■ **EXERCISE DATA**
[Start of Attachment]

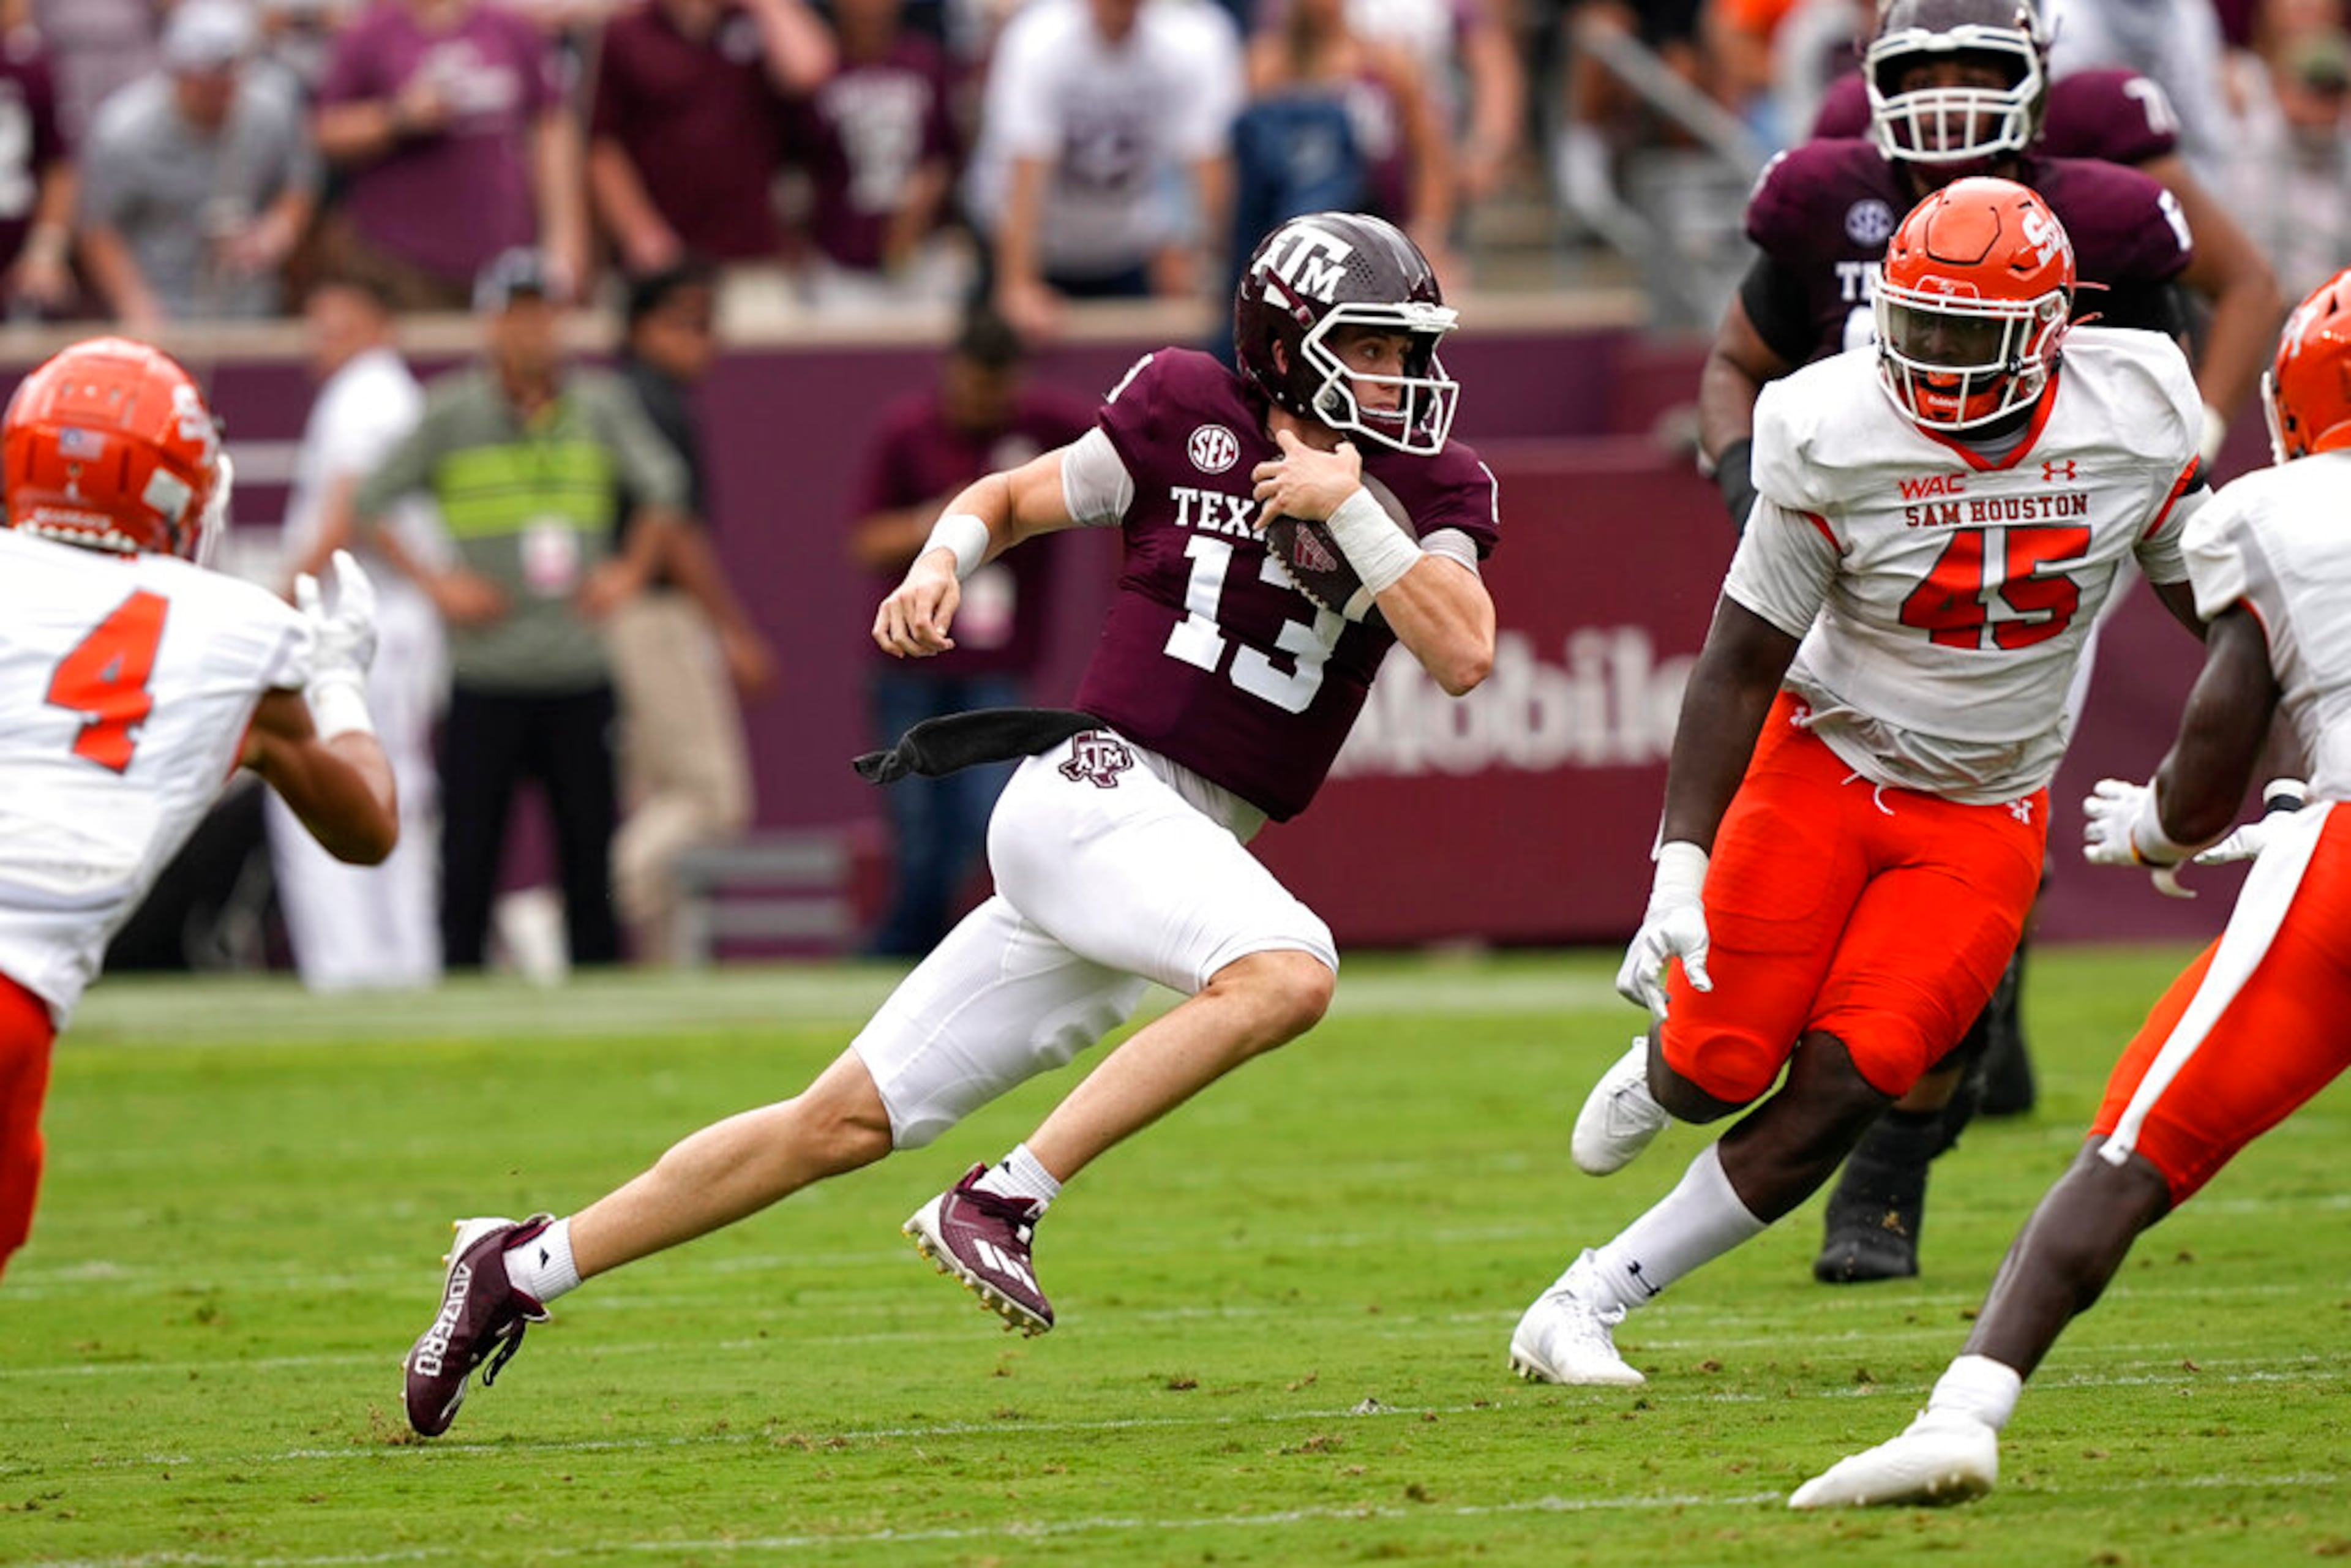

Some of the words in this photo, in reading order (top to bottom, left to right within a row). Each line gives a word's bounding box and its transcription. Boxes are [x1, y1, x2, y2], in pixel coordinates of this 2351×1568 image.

[1190, 426, 1238, 472] SEC
[1898, 472, 1967, 500] WAC
[1170, 486, 1266, 541] TEX
[1905, 503, 1961, 527] SAM
[1970, 493, 2088, 522] HOUSTON
[1163, 534, 1347, 715] 13
[1899, 525, 2091, 650] 45
[46, 587, 170, 775] 4
[414, 1262, 472, 1377] ADIZERO

[End of Attachment]

Would you transcribe all of the data exactly, omitting any pictures?

■ **SOLUTION FOR THIS EXERCISE**
Some of the words in this photo, in reading order (top to bottom, left to right within a row). Each line gives a word's bounding box and its transcription. Boxes are [x1, y1, x2, y2], in pixel coordinates of this 2351×1568 image.

[1190, 426, 1238, 472] SEC
[1898, 472, 1967, 500] WAC
[1170, 486, 1266, 541] TEX
[1905, 503, 1961, 527] SAM
[1970, 493, 2088, 522] HOUSTON
[1163, 534, 1347, 715] 13
[1899, 525, 2091, 650] 45
[46, 587, 170, 775] 4
[414, 1262, 472, 1377] ADIZERO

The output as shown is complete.